§ Mr. Robert BanksTo ask the Secretary of State for Defence if he will make a statement on the creation of the Defence Secondary Care Agency. [27628]
§ Mr. SoamesThe Defence Secondary Care Agency will form on 30 April 1996 when secondary medical care currently provided on a single-service basis will be included within a joint service agency under the control 513W of a chief executive. Until a decision is taken on its final location, the headquarters of the DSCA will be based in London.

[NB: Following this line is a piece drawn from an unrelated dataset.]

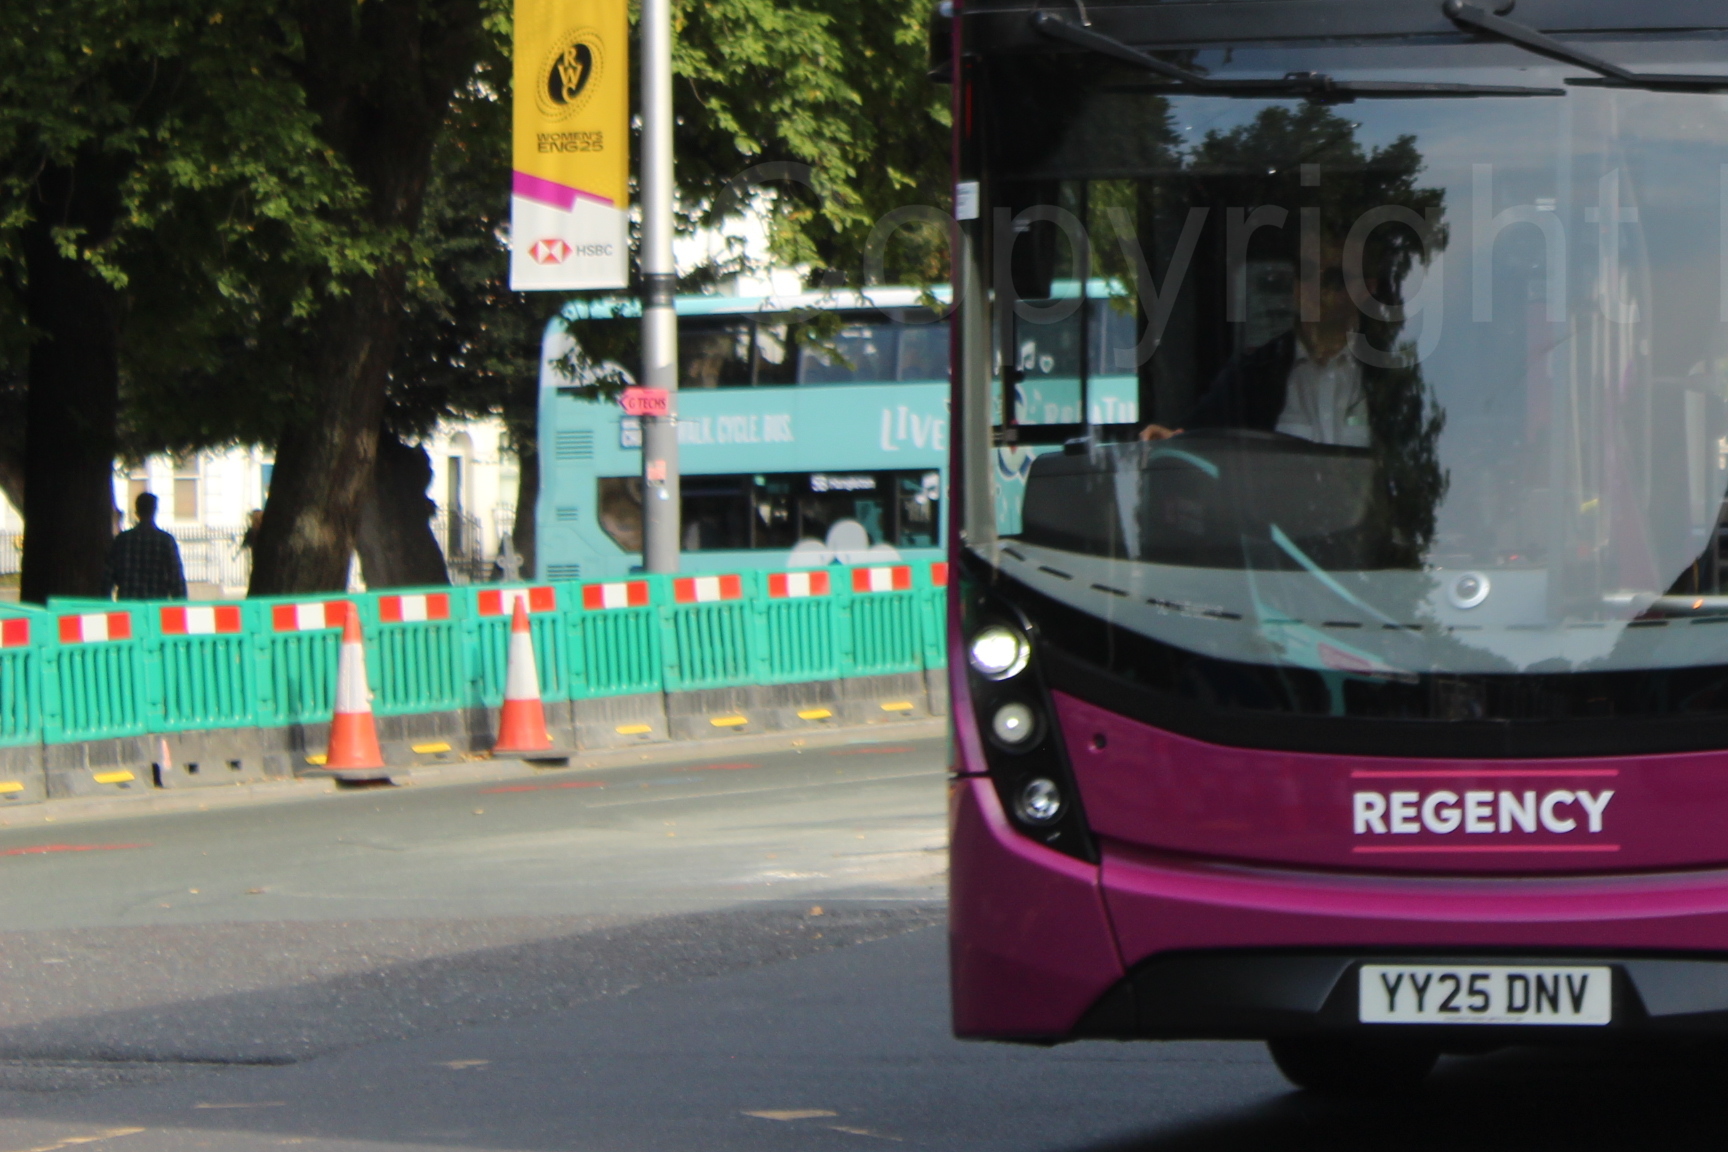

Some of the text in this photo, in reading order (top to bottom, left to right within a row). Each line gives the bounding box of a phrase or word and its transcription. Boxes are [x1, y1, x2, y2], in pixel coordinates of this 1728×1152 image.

The DSCA will include:
- (a) The Royal hospital Haslar at Gosport;
- (b) The Duchess of Kent's hospital at Catterick;
- (c) Three Ministry of Defence hospital units within the NHS trust hospitals at Derriford, Plymouth, Frimley Park, Camberley, and Peterborough;
- (d) The Princess Mary's hospital at Akrotiri, Cyprus;
- (e) The defence service medical rehabilitation unit at RAF Headley Court in Surrey.
In addition, DSCA personnel will be stationed in smaller facilities at other locations, both at home and overseas.
Each service will continue to recruit to its own medical branch and will be responsible for issuing appointments and posting orders for personnel of their particular service into, within and out of the agency after agreement with the chief executive and for an agreed duration. It is expected that uniformed secondary care personnel will spend the major part of their career working within the agency.
The aim of the agency is to make available to commanders in chief appropriate medically trained secondary care service personnel, when required for training, exercises and deployments. In support of this aim the agency will deliver timely and effective treatments consistent with expected outcomes by providing the best possible medical care to all agency patients.
514WThe chief executive, Mr. R. G. Smith, will be afforded greater responsibility and flexibility to build upon the professional ability and reputation for excellence of secondary care personnel from all three service medical branches. This will ensure that the MOD retains the capacity to deploy trained secondary care staff on military operations, to provide the best possible medical care to all agency patients, and at the same time maximise value for money in the delivery of secondary care for service personnel in order to maintain their operational readiness during peacetime.
The chief executive has been set the following key targets for the first year of the operation:
- (1) From within available personnel resources, to meet the services' requirements for secondary care skill mix in support of operations.
- (2) To maintain the most appropriate clinical environment for all staff to ensure professional recognition and accreditation by statutory bodies in the light of their continually improving standards.
- (3) To meet all milestones for phase 1 of project ICE—improving clinical excellence.
- (4) To assess the agency against investors in people criteria, within year one and produce an action plan for full accreditation.
- (5) To develop average prices for finished consultant episodes for each specialty, and at each site.
- (6) To meet an efficiency target of 4 per cent. for financial year 1996–97.
I have arranged for copies of the agency's framework document to be placed in the Library of the House.